Metz engineers have tuned the Mecalight L1000 BC to output a consistently high 1,000 lux brightness at one metre from 2,800K through to 5,700K. And it works: we measured a constant 1,180 lux across the temperature range, and an impressive 420 lux at around 30 degrees off-centre. Given this attention to detail, and the presence of a small OLED display on the rear panel, it’s a pity the colour temperature readout is very basic and not quoted in Kelvins. Like the Croma2 (below), power can come from an L-type li-ion cell or 6 AA batteries, but the latter are inserted into a bulky – if waterproof – holder that sticks out from the back of the panel.

Read more: How to make your own lightbox for next to nothing

4. Manfrotto Croma2

Smartly designed unit with a decent light spread

Colour temperature: 3300-5600K | Lux (at 1m): 900 | Power source: 6x AA batteries, Li-ion L-Type | Dimensions: 440x108x170mm | Weight: 300g

Adjustable colour temperature
Good light spread
Dials lack scale markings
Quite pricey

The Manfrotto Croma2 offers adjustable colour temperature, which can fluidly transition from 3,300 to 5,600K. Both temperature and power are adjusted with simple dials with no scale markings, so repeating the same settings from shoot to shoot is difficult without a light meter. We recorded light power figures of 750 lux at 3,300k and 900 lux at 5,600K. With both sets of blue and yellow LEDs active at 4,550K, brightness peaks at 1060 lux. Despite a quoted 50º beam angle seeming slightly narrow, real-world use demonstrates a decent light spread. Power can come from the mains, or through two battery options.

5. Lume Cube

Shuns the traditional concept of an LED panel

Colour temperature: 6000K | Lux (at 1m): 580 | Power source: Lithium-ion battery | Dimensions: 102x102x165mm | Weight: 322g

Compact and rugged
Bluetooth connectivity
Narrow beam angle
Yellow colour temperature

It may be small, but the Lume Cube is tough. The mostly metal shell feels very solid and able to shrug off plenty of abuse, and it’s waterproof down to 30m. There isn’t much room for controls though, with only one button to turn the light on and cycle through 10 brightness settings. Fortunately, the Lume Cube can be wirelessly controlled by your smartphone via Bluetooth. Somehow a rechargeable (but inaccessible) battery has been crammed inside, giving two hours runtime at 50% brightness. Light output is quoted at only 150 lux, but that’s from three metres. We recorded a respectable 580 lux at the more typical one-metre measuring distance.

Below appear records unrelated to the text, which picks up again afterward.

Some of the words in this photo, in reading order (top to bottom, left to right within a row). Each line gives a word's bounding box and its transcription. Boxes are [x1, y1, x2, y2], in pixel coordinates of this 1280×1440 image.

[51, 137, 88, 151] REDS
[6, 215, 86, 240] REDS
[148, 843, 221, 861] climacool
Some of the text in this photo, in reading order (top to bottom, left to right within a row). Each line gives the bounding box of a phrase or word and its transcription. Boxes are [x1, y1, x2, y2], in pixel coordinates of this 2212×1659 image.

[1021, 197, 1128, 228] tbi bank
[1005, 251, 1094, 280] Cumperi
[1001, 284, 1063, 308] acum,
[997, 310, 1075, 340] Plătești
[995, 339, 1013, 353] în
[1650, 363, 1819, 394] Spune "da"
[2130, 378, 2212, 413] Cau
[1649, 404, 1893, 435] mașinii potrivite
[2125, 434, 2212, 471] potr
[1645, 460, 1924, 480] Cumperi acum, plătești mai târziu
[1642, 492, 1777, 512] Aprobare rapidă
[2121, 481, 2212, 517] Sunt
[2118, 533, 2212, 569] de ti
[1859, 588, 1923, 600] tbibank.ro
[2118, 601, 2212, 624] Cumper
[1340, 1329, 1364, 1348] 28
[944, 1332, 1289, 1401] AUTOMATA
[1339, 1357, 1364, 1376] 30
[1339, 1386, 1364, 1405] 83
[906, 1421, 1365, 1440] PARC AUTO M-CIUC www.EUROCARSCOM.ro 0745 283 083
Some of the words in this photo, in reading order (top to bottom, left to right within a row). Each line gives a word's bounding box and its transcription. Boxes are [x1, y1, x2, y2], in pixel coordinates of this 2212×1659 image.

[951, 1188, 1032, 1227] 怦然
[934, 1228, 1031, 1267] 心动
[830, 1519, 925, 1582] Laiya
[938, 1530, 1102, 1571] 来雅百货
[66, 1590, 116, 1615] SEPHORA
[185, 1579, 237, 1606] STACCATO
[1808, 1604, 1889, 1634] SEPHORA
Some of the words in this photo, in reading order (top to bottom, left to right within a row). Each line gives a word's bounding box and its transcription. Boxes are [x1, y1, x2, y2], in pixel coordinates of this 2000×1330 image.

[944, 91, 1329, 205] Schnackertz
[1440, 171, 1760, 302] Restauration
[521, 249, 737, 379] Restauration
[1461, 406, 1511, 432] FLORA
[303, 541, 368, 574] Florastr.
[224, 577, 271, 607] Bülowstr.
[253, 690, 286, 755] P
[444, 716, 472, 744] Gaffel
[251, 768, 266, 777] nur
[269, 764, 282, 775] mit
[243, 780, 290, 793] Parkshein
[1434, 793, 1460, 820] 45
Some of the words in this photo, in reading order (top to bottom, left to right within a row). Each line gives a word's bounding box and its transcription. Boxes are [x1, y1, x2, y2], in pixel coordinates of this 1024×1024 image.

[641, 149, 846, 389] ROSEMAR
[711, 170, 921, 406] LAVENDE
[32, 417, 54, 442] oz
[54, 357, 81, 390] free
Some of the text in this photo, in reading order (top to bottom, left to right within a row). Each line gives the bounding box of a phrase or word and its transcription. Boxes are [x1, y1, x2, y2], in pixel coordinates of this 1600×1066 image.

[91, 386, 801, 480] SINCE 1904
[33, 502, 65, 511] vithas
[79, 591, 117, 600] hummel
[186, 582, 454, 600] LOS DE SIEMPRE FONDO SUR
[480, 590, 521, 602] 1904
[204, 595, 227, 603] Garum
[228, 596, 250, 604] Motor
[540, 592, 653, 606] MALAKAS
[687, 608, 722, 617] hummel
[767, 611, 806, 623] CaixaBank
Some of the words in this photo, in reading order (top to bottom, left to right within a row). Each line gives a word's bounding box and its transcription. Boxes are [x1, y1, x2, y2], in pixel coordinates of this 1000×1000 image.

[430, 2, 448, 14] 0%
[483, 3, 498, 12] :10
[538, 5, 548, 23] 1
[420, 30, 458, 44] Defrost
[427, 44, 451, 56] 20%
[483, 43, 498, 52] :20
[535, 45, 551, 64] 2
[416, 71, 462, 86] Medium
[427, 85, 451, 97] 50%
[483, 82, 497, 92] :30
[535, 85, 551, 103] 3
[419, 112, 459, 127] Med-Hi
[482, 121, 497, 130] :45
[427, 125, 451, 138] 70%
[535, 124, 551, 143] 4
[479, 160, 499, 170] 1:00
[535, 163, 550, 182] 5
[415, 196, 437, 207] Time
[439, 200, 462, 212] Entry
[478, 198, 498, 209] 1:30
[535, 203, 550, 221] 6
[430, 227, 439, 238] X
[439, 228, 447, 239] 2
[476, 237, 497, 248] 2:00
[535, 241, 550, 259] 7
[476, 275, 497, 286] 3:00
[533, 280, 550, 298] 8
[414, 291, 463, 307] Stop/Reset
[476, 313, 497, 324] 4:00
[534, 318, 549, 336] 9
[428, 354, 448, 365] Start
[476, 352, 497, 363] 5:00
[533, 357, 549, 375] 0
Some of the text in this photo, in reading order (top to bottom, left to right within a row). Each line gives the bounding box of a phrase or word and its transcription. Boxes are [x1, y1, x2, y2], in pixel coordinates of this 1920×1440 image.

6. Kaiser SmartCluster Midi

Comfortably smaller and lighter than most competitors

Colour temperature: 5800K | Lux (at 1m): 190 | Power source: Lithium-ion battery | Dimensions: 115x71x21mm | Weight: 135g (with battery)

Small and light
Attractive light quality
Lacks power
Restricted to close use

Rather than using bulky AA batteries, the Kaiser SmartCluster Midi is powered by a compact, non-proprietary 1,800mAh li-ion battery that’s good for 90 minutes of full-power illumination. The battery is included, as is a basic hotshoe swivel mount, along with warming and diffusion filters. With a lighting power of just 190 lux at 1 metre, illumination is noticeably dimmer than the opposition. Power may be lacking, but the light quality is attractive, with a measured 5,700K temperature being very close to spec and looking pleasingly neutral. If you only need to light close subjects, or are willing to shoot at higher sensitivities to compensate for its low power, the SmartCluster works well.